* Problem requirements:
Repeat the data that follows in full. Do not include the pictures.

* Dataset:
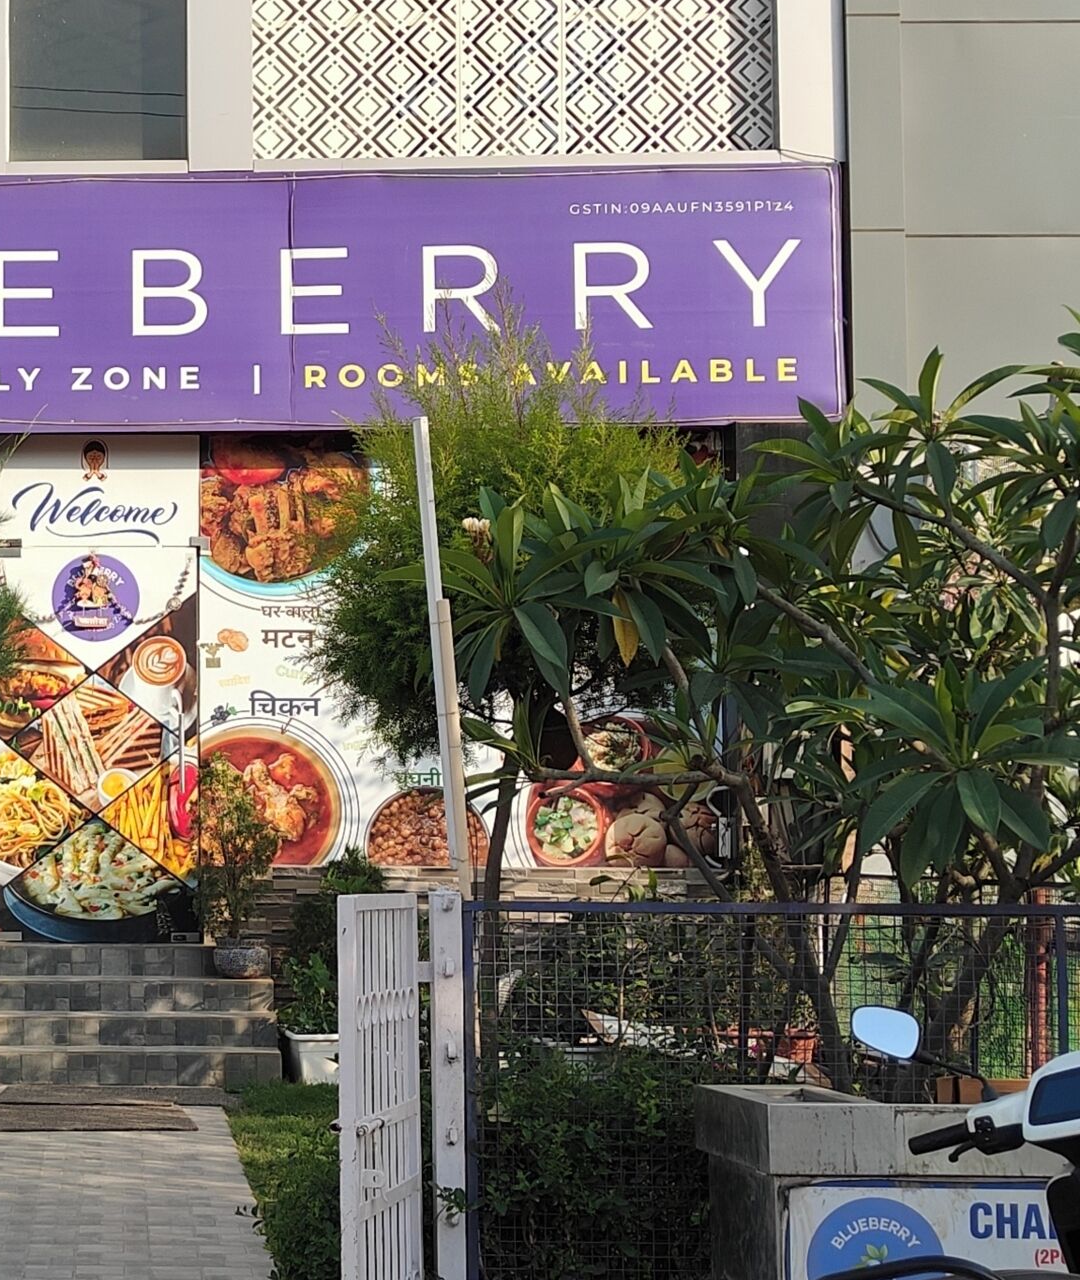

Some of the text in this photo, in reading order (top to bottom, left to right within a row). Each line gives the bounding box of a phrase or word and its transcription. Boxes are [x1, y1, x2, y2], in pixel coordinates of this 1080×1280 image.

[70, 366, 201, 391] ZONE
[304, 362, 479, 388] ROOMS
[511, 357, 799, 385] AVAILABLE
[11, 482, 178, 532] Welcome
[261, 629, 316, 649] मटन
[249, 689, 322, 717] चिकन
[829, 1216, 921, 1250] BLUEBERRY

* Exercise response:
Some of the text in this photo, in reading order (top to bottom, left to right within a row). Each line gives the bounding box of a phrase or word and its transcription. Boxes are [x1, y1, x2, y2], in pixel coordinates of this 1080×1280 image.

[70, 366, 201, 391] ZONE
[304, 362, 479, 388] ROOMS
[511, 357, 799, 385] AVAILABLE
[11, 482, 178, 532] Welcome
[261, 629, 316, 649] मटन
[249, 689, 322, 717] चिकन
[829, 1216, 921, 1250] BLUEBERRY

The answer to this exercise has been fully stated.